Dexmedetomidine attenuates hyperoxia-induced lung injury in BPD mice via regulation of the mitophagy-NLRP3-pyroptosis pathway.

Abstract

OBJECTIVE: Bronchopulmonary dysplasia (BPD) is a common chronic lung disease in preterm infants. Although dexmedetomidine (Dex) has been shown to exert lung-protective effects in experimental BPD models, the underlying molecular mechanisms remain incompletely understood. This study aimed to investigate whether Dex confers protection against hyperoxia-induced lung injury through regulation of the mitophagy-NOD-like receptor family pyrin domain-containing 3 (NLRP3) inflammasome-pyroptosis axis. METHODS: A neonatal mouse model of BPD and a hyperoxia-induced injury model in primary alveolar type II epithelial (AECII) cells were established. Gain- and loss-of-function approaches targeting PINK1/Parkin-mediated mitophagy and NLRP3 were applied. Mitophagy, inflammasome activation, mitochondrial integrity, inflammatory responses, and cell injury were evaluated using molecular, imaging, and functional assays. RESULTS: Dex significantly alleviated hyperoxia-induced lung injury in neonatal mice and improved the survival of AECII cells under oxidative stress.
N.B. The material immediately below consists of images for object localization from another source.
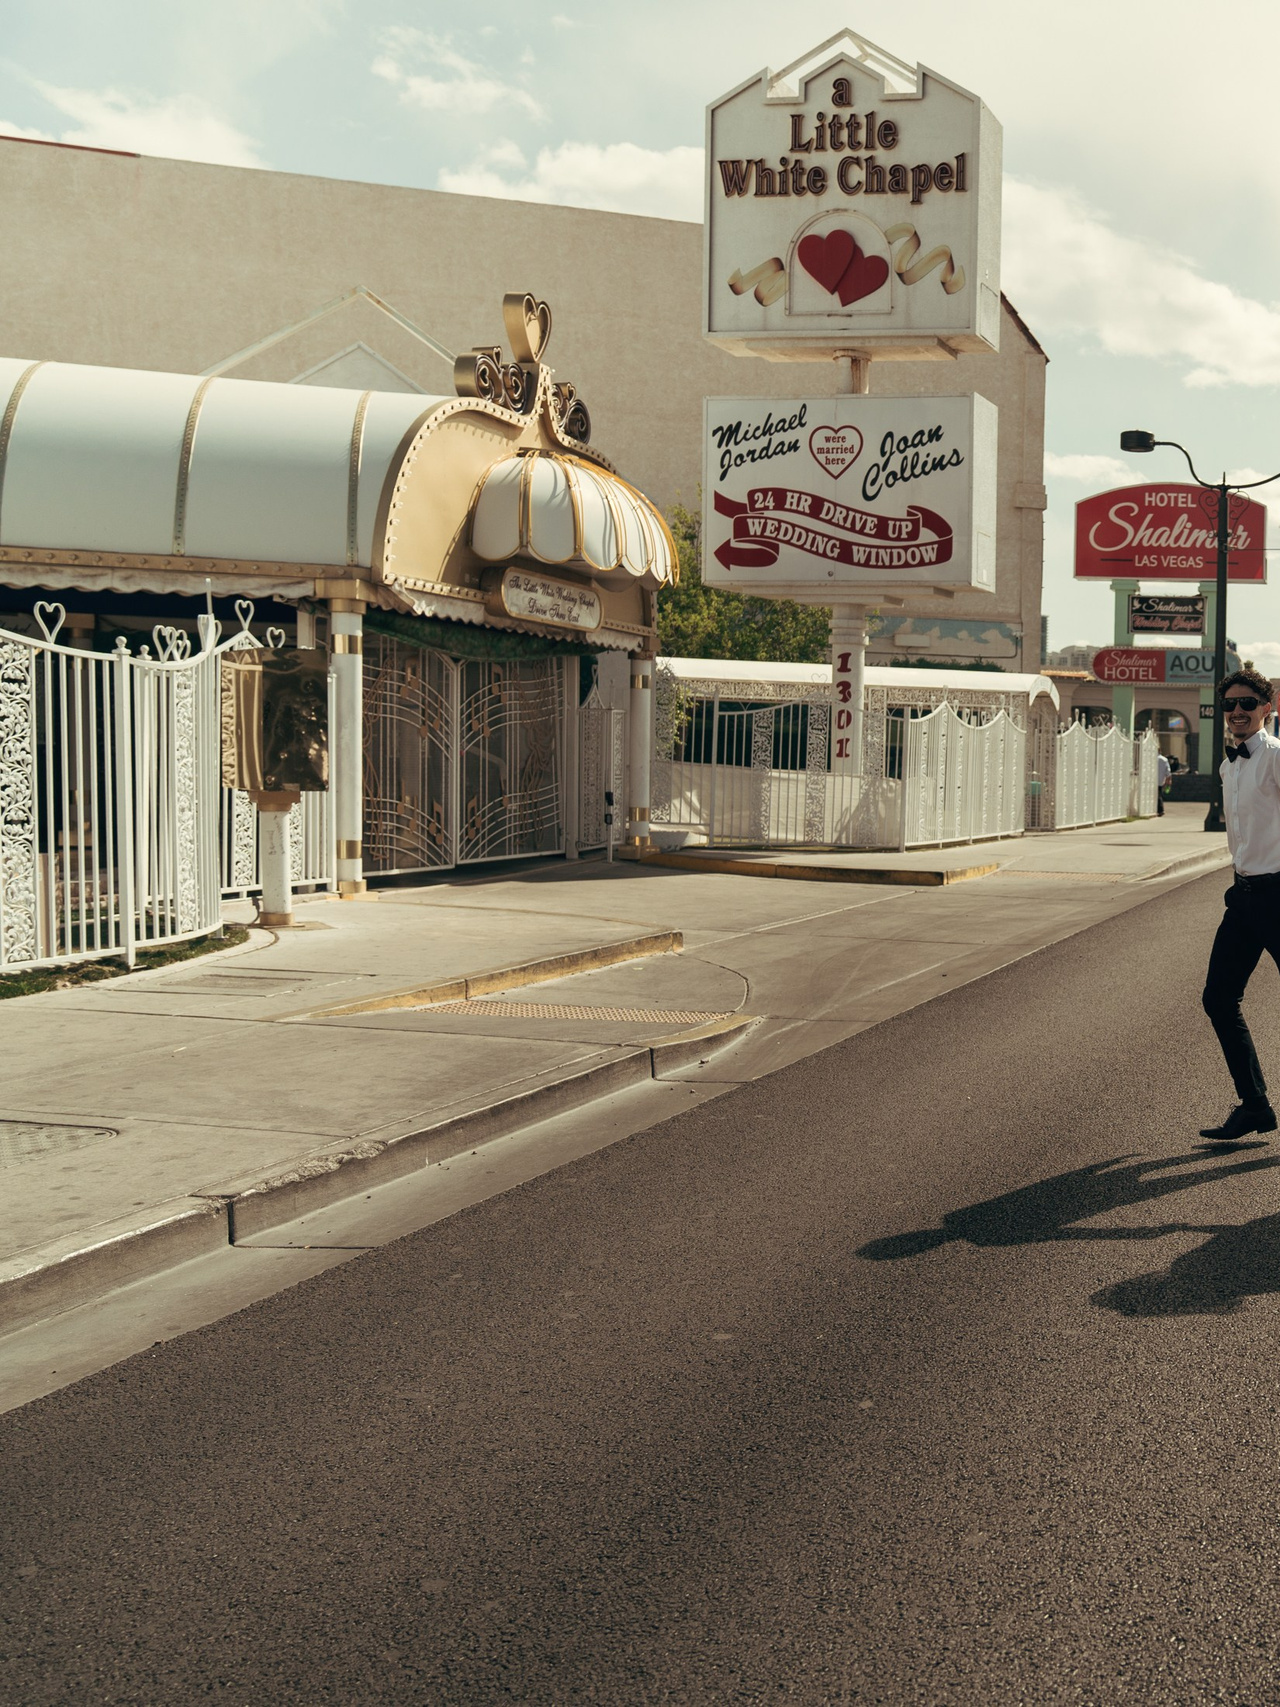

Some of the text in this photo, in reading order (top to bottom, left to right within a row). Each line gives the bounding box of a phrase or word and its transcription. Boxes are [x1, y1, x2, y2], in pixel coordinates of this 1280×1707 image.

[831, 77, 853, 107] a
[789, 111, 898, 153] Little
[717, 152, 967, 205] White Chapel
[712, 403, 807, 449] Michael
[824, 434, 847, 444] were
[719, 436, 801, 482] Jordan
[816, 444, 855, 455] married
[825, 455, 846, 465] here
[880, 424, 944, 472] Joan
[862, 448, 965, 502] Collins
[753, 491, 913, 539] 24 HR DRIVE UP
[1145, 493, 1197, 508] HOTEL
[746, 518, 939, 567] WEDDING WINDOW
[1135, 555, 1204, 568] LAS VEGAS
[509, 575, 521, 590] The
[523, 578, 538, 594] Little
[555, 586, 578, 607] Wedding
[579, 592, 596, 610] Chapel
[1142, 598, 1193, 613] Shalimar
[528, 597, 548, 616] Drive
[567, 606, 580, 623] Exit
[1104, 651, 1158, 667] Shalimar
[1104, 667, 1157, 680] HOTEL
[1170, 655, 1230, 673] AQU
[836, 652, 852, 758] 1301
Dex treatment enhanced PINK1/Parkin-mediated mitophagy, preserved mitochondrial structure and function, suppressed NLRP3 inflammasome activation, reduced inflammatory cytokine release, and attenuated pyroptosis-related protein expression. Notably, genetic silencing of PINK1 abolished the protective effects of Dex, while NLRP3 overexpression partially reversed Dex-mediated anti-inflammatory and cytoprotective effects, indicating a mechanistic link between mitophagy activation and inflammasome inhibition. CONCLUSION: Dex protects against hyperoxia-induced lung injury by activating PINK1/Parkin-dependent mitophagy, maintaining mitochondrial homeostasis, inhibiting NLRP3 inflammasome activation, and suppressing pyroptosis. These findings provide mechanistic insight into the therapeutic potential of Dex for the prevention and treatment of BPD.